Pictures excluded, return every entry exactly, please.
*** Opening Information supplied ***
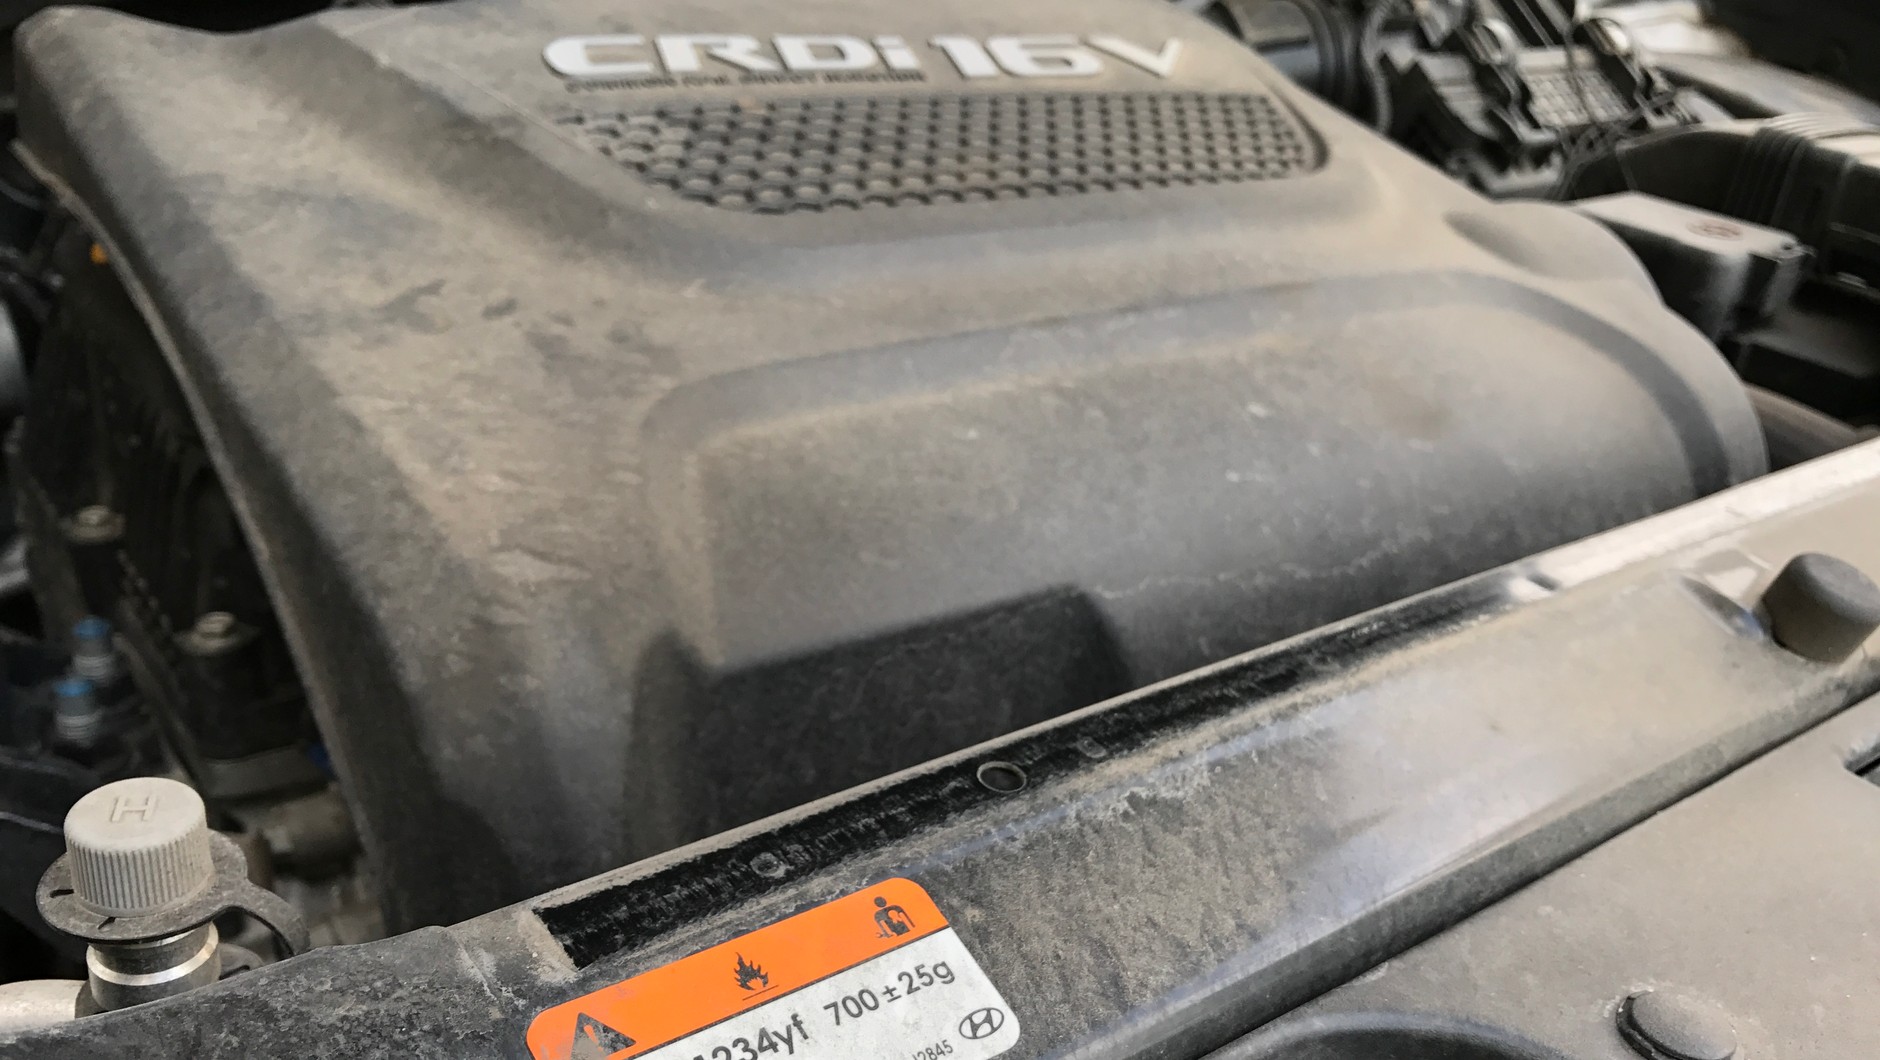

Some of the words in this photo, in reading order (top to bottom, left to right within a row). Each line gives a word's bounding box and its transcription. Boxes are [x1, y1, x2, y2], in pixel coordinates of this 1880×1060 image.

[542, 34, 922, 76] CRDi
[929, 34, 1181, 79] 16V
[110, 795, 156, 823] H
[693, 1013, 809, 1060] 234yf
*** Closing Information supplied ***
Answer to the problem:
Some of the words in this photo, in reading order (top to bottom, left to right within a row). Each line gives a word's bounding box and its transcription. Boxes are [x1, y1, x2, y2], in pixel coordinates of this 1880×1060 image.

[542, 34, 922, 76] CRDi
[929, 34, 1181, 79] 16V
[110, 795, 156, 823] H
[693, 1013, 809, 1060] 234yf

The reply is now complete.